Le 15 avril, la France s’est remémoré l’incendie qui a ravagé la cathédrale Notre-Dame de Paris en 2019. Après deux ans de sécurisation du site, la Commission nationale du patrimoine et de l’architecture a annoncé fin mars que le projet de restauration de la charpente en chêne massif allait pouvoir démarrer. Les 1 324 chênes sont aujourd’hui en cours de sélection, 383 d’entre eux proviendront des forêts du Centre de la France. Tirant sans doute leurs origines du plus légendaire des chantiers, la construction du temple de Salomon, les Compagnons du devoir devraient largement se mobiliser pour reconstruire l’un des plus célèbres édifices religieux au monde.
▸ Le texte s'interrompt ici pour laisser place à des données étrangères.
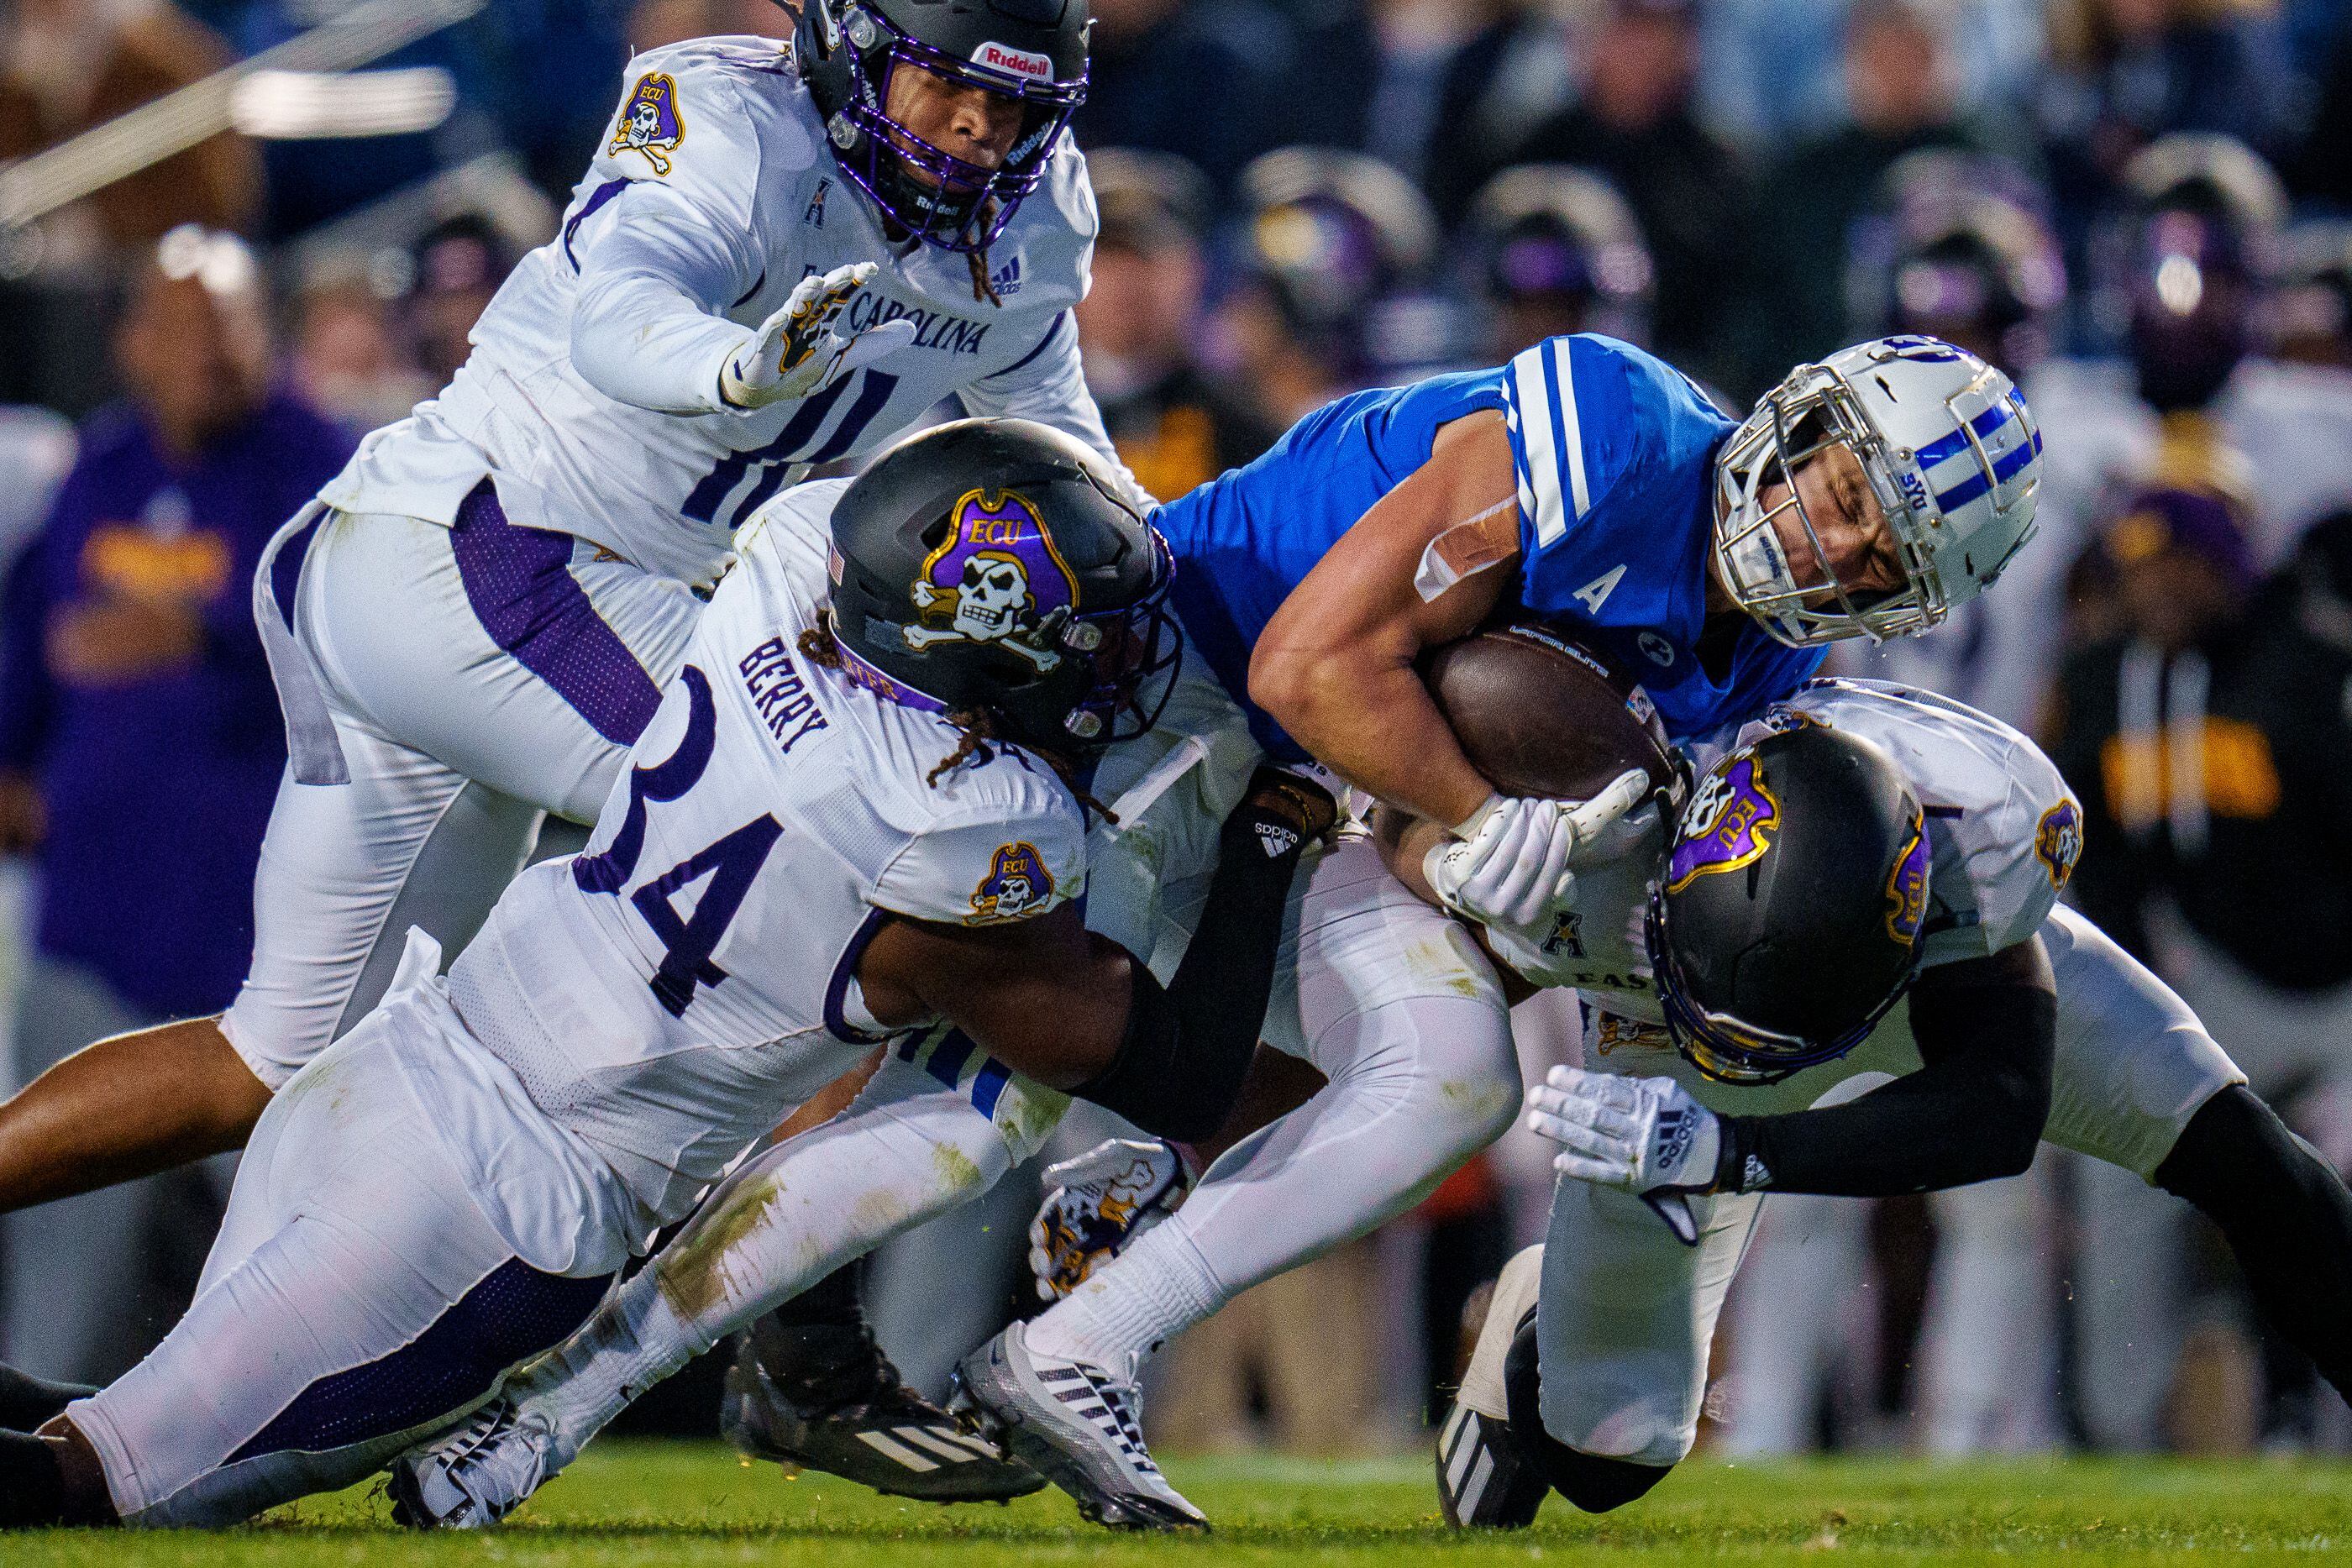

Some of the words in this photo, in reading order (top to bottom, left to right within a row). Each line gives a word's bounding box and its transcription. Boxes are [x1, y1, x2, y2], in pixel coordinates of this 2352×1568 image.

L’an dernier à Gennevilliers (Hauts-de-Seine), une cinquantaine d’apprentis ont déjà travaillé pendant plus de 400 heures à l’édification d’une maquette de 7 mètres de haut par 10 mètres de large représentant un segment de la charpente reproduit à 75 % de sa taille réelle. Une belle vitrine pour les Compagnons du devoir, même si ces apprentis devront laisser la place à leurs aînés lorsque les travaux démarreront. L’association a en effet fixé à dix ans l’expérience minimum pour pouvoir être mobilisé sur cette restauration surnommée « le chantier du siècle ». Si le président Macron a annoncé que les travaux seraient terminés pour les Jeux olympiques de 2024, quelques zones d’ombre demeurent sur l’impact réel de l’incendie, ce qui pourrait bouleverser le calendrier. Une chose est sûre, le savoir-faire des Compagnons du devoir devrait se révéler indispensable.